■ Action item ■
Nothing but the lines from the one containing "this 1125×1500 image." through the last line of the records below should be copied, exactly and without pictures.

■ Saved data entries ■
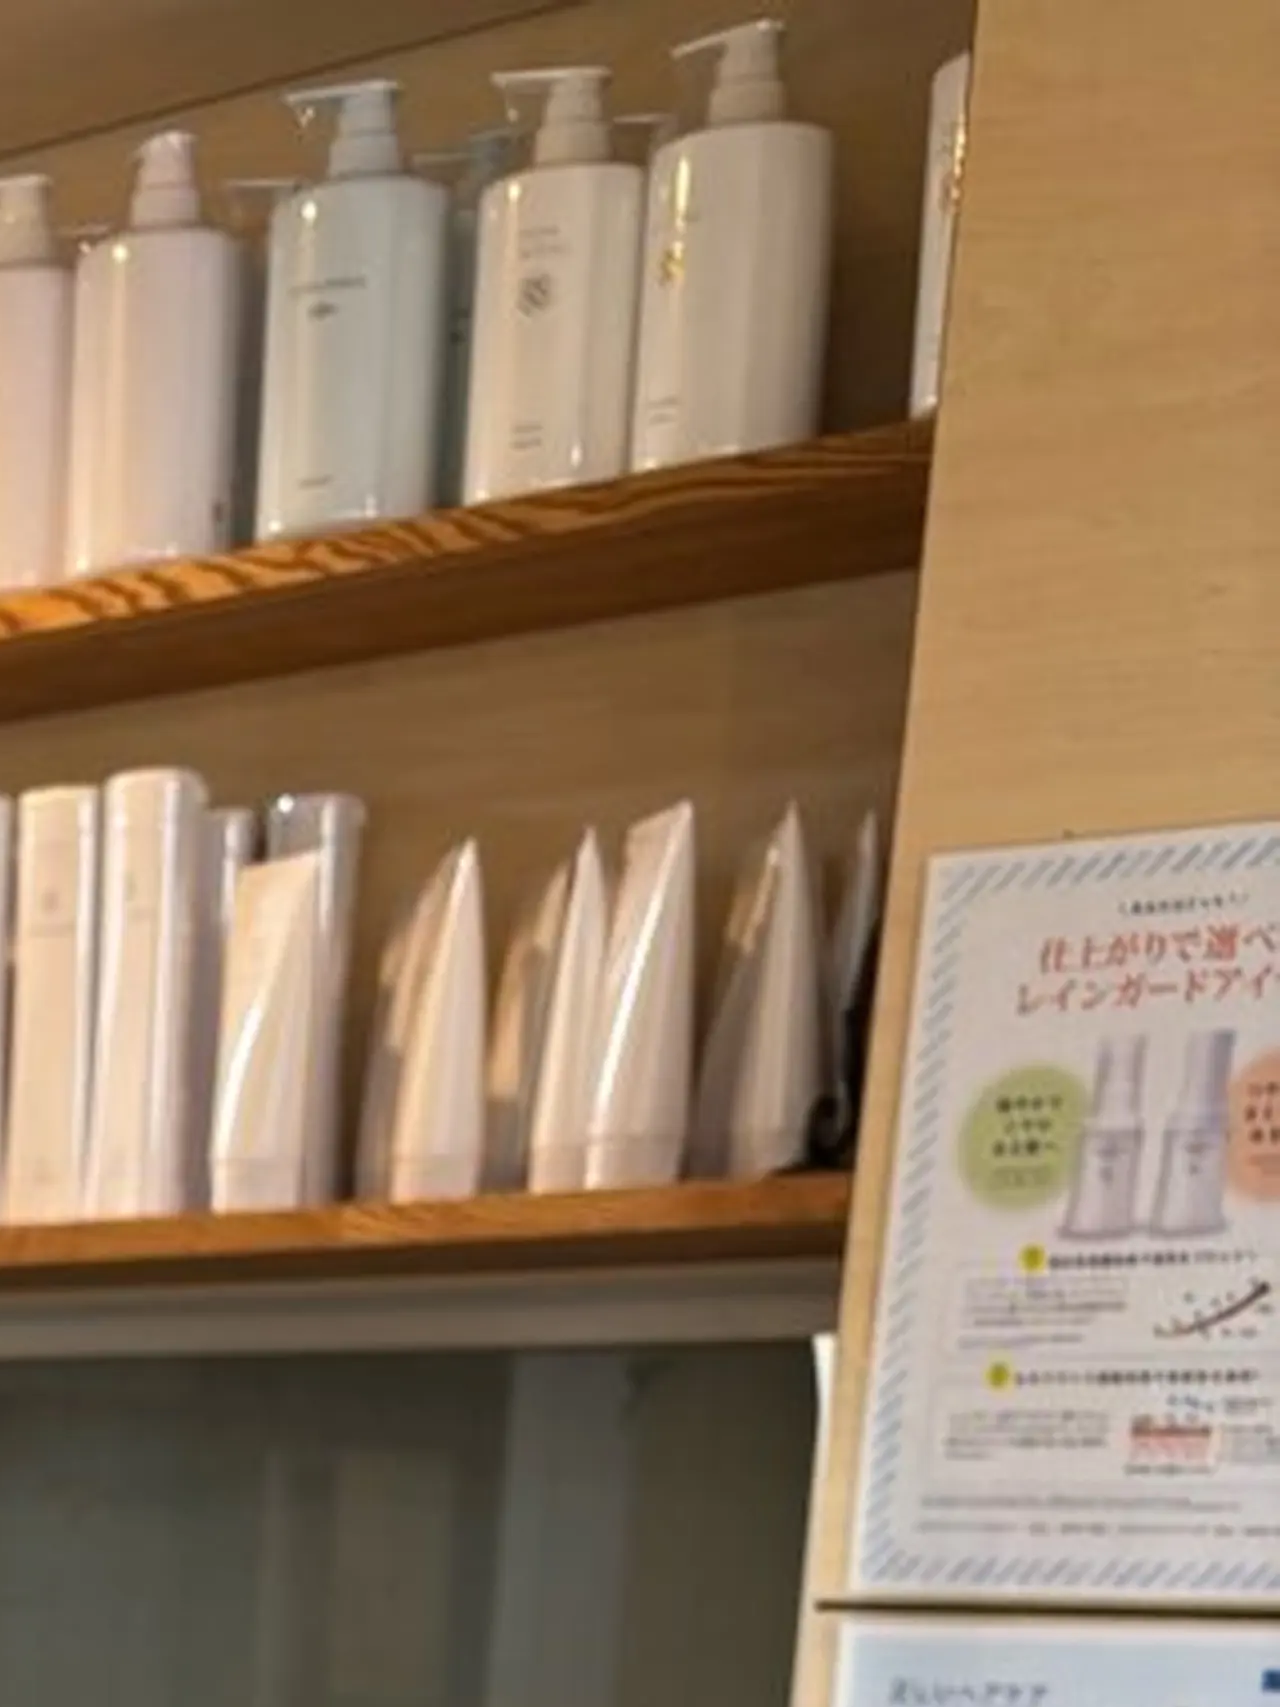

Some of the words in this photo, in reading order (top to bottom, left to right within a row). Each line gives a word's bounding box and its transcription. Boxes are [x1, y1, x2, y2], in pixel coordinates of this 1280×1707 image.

[1017, 963, 1280, 1015] レインガードアイ
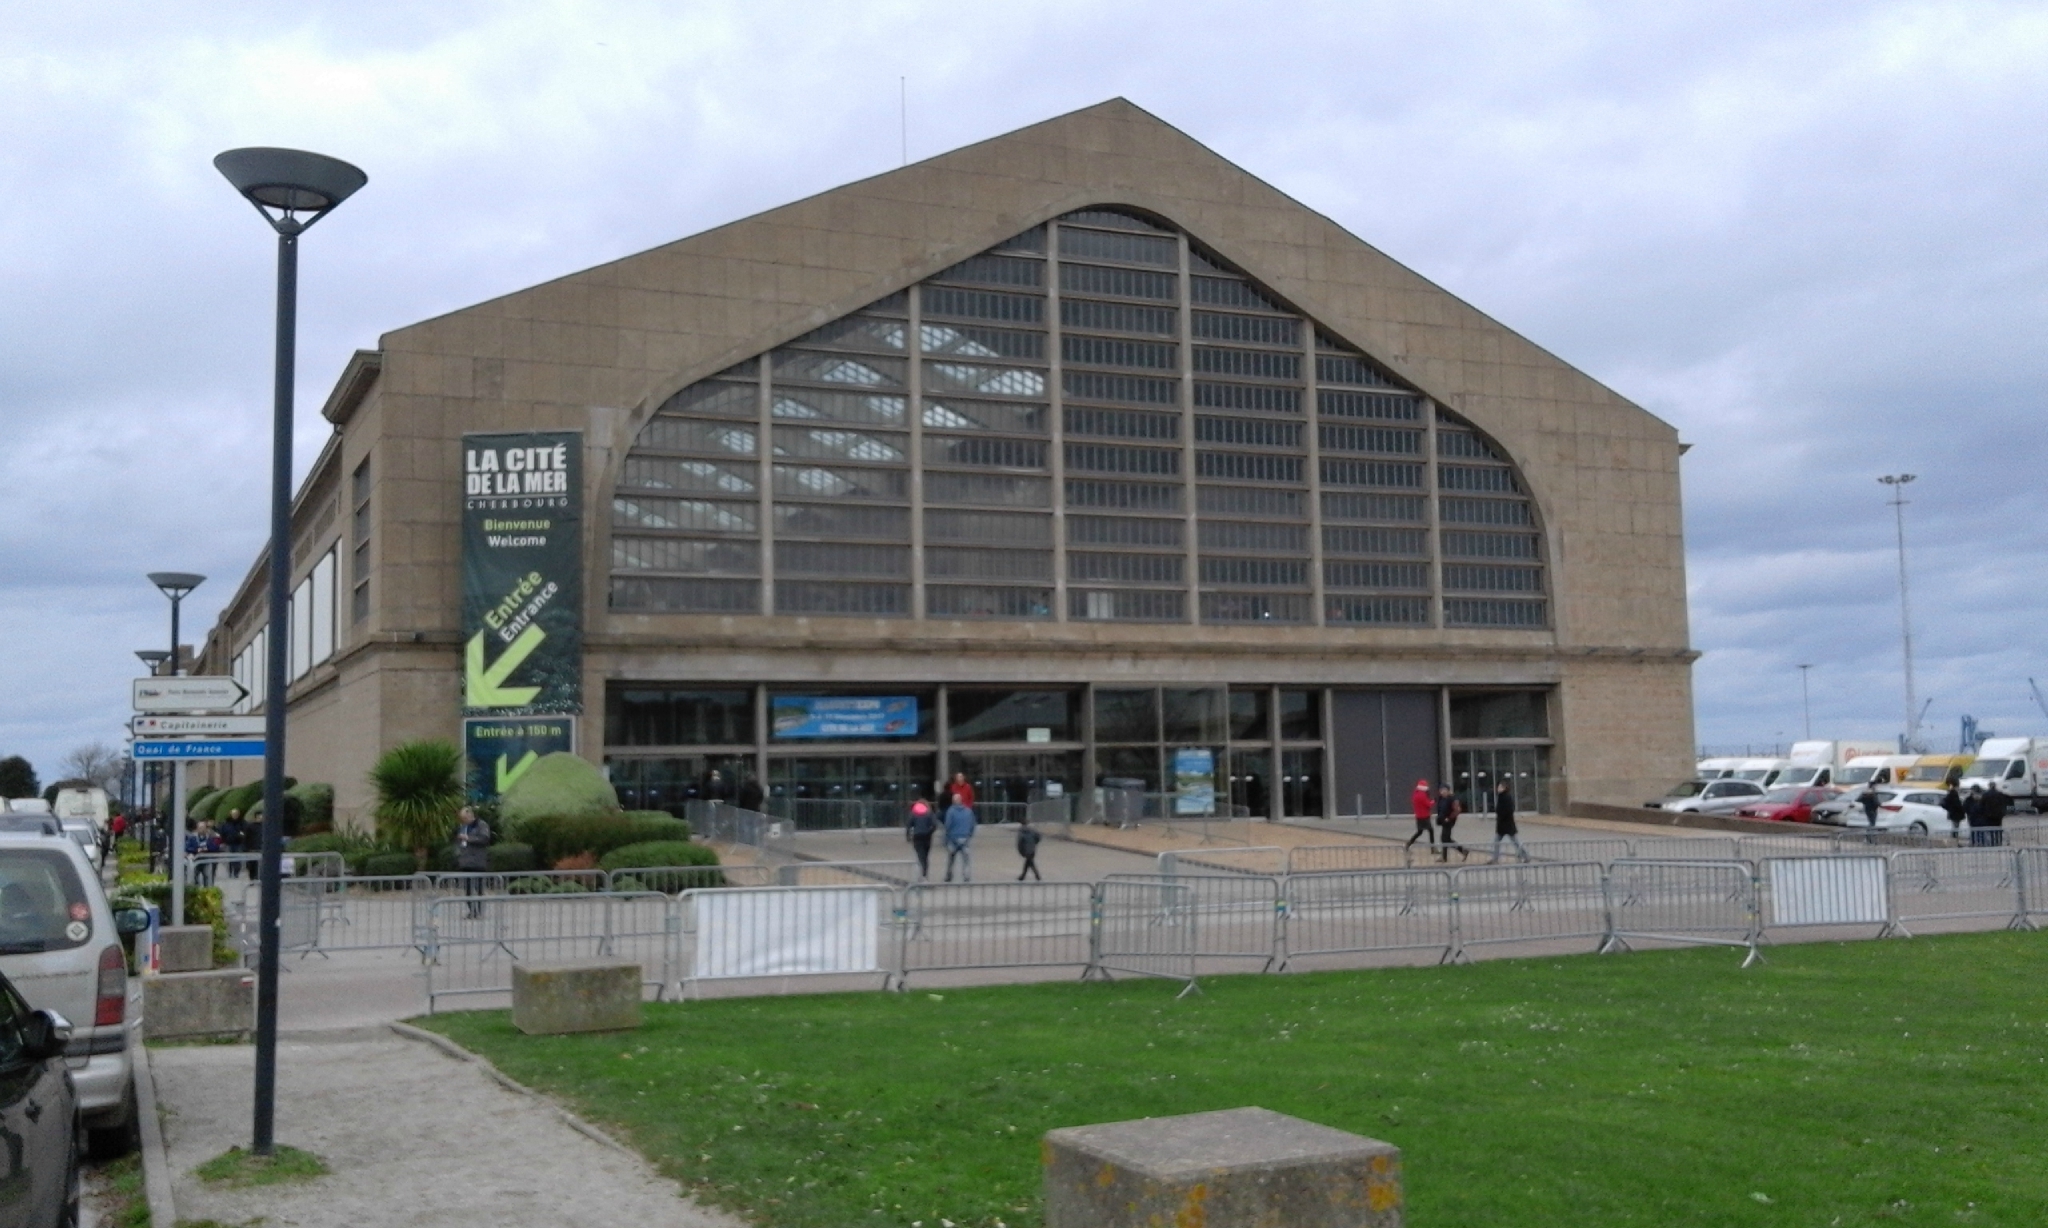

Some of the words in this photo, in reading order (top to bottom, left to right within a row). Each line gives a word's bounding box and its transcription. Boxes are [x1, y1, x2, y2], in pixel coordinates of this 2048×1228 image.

[467, 449, 499, 472] LA
[506, 442, 567, 471] CITÉ
[467, 473, 492, 495] DE
[496, 472, 520, 494] LA
[524, 471, 567, 493] MER
[467, 498, 568, 510] CHERBOURG
[484, 519, 551, 531] Bienvenue
[488, 535, 547, 547] Welcome
[484, 570, 543, 630] Entrée
[499, 580, 559, 643] Entrance
[160, 721, 228, 731] Capitainerie
[475, 725, 514, 738] Entrée
[138, 745, 163, 754] Quai
[168, 744, 181, 753] de
[186, 744, 222, 753] France
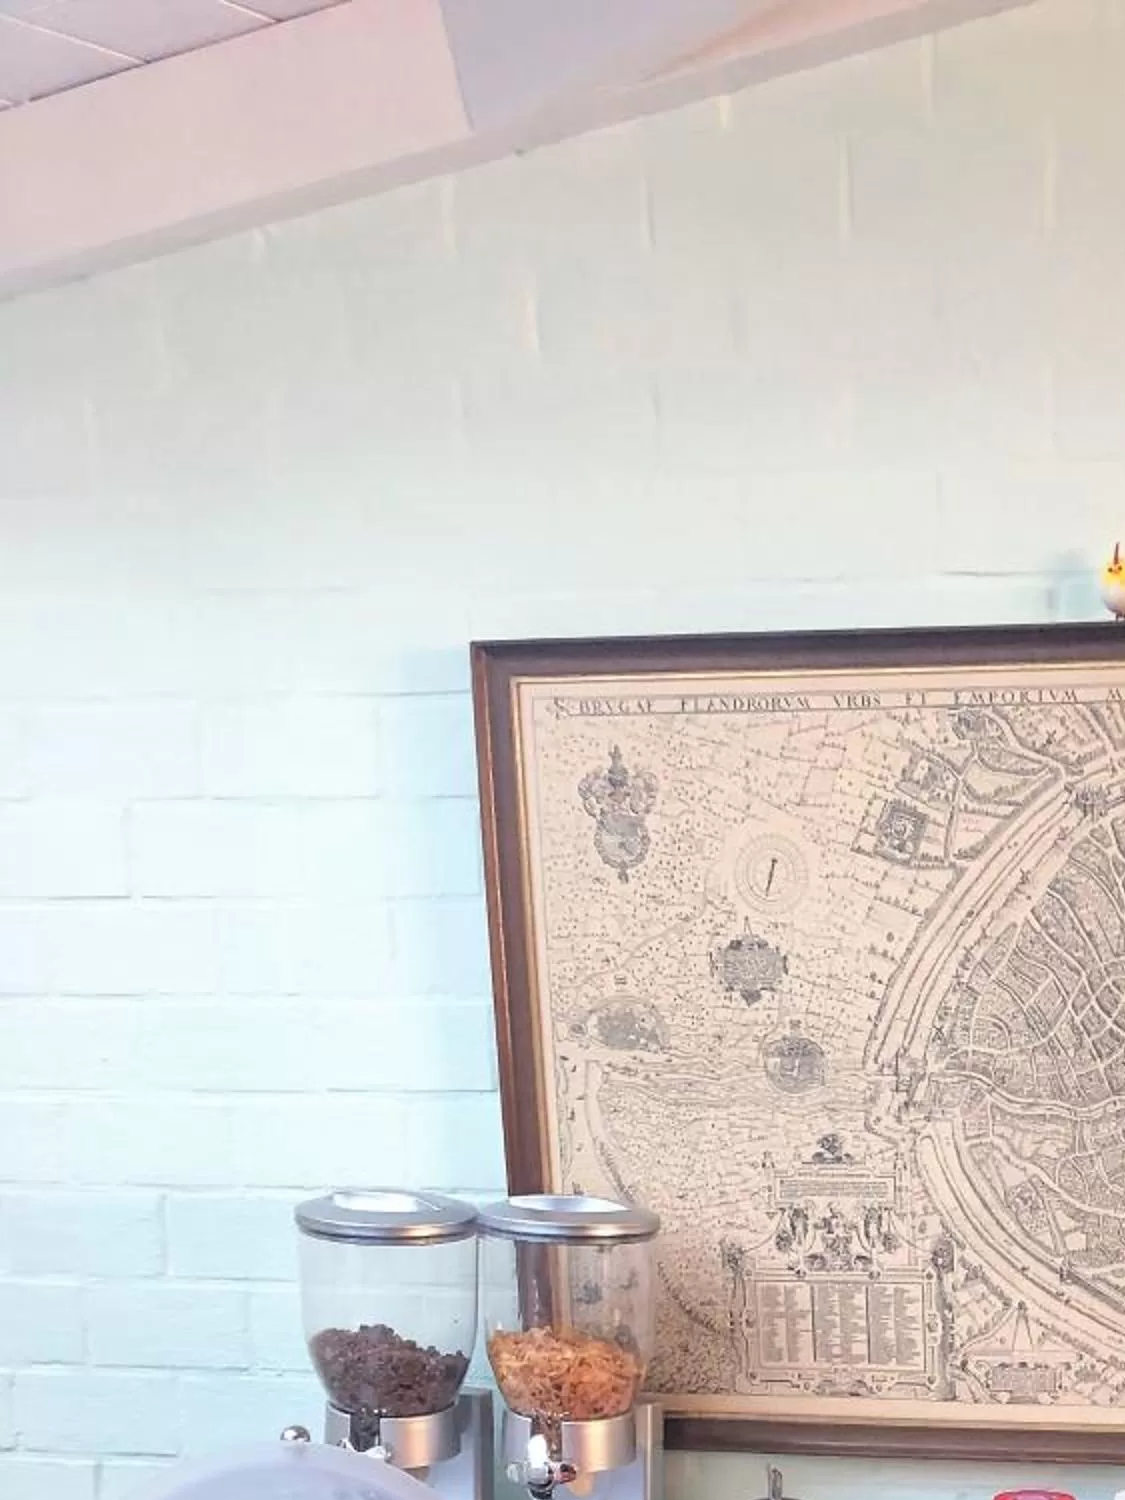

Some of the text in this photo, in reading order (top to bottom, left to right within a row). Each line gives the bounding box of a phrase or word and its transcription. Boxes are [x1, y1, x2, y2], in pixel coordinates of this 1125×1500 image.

[833, 694, 882, 709] VRBS
[905, 691, 926, 705] ET
[953, 688, 1079, 704] EMPORIVM
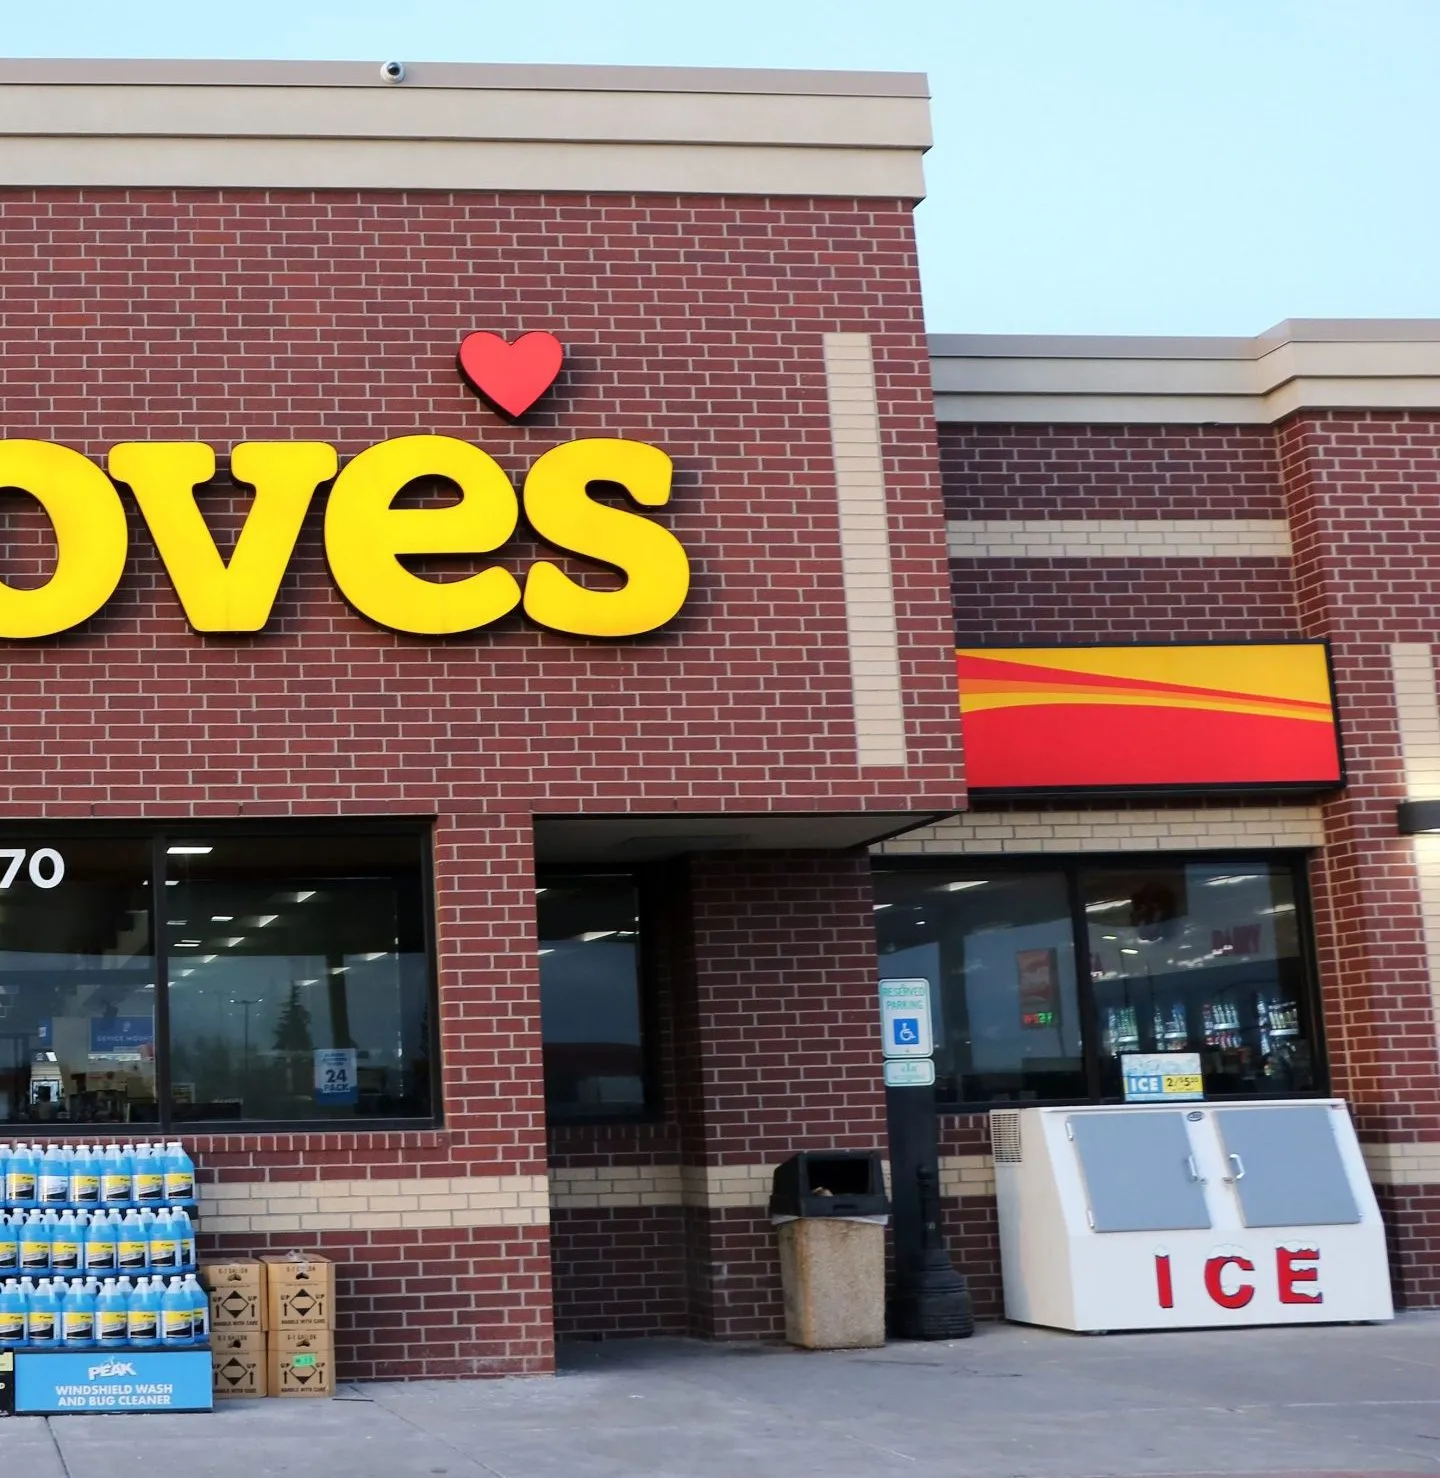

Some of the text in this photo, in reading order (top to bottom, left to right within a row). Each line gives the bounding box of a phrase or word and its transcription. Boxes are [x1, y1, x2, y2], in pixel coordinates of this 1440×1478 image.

[326, 1069, 349, 1084] 24
[1130, 1077, 1159, 1093] ICE
[1153, 1240, 1324, 1309] ICE
[88, 1361, 137, 1381] PEAK
[56, 1384, 173, 1396] WINDSHIELD WASH
[58, 1395, 171, 1406] AND BUG CLEANER

■ Task answer ■
Some of the text in this photo, in reading order (top to bottom, left to right within a row). Each line gives the bounding box of a phrase or word and its transcription. Boxes are [x1, y1, x2, y2], in pixel coordinates of this 1125×1500 image.

[833, 694, 882, 709] VRBS
[905, 691, 926, 705] ET
[953, 688, 1079, 704] EMPORIVM

Some of the text in this photo, in reading order (top to bottom, left to right within a row). Each line gives the bounding box of a phrase or word and its transcription. Boxes are [x1, y1, x2, y2], in pixel coordinates of this 1440×1478 image.

[326, 1069, 349, 1084] 24
[1130, 1077, 1159, 1093] ICE
[1153, 1240, 1324, 1309] ICE
[88, 1361, 137, 1381] PEAK
[56, 1384, 173, 1396] WINDSHIELD WASH
[58, 1395, 171, 1406] AND BUG CLEANER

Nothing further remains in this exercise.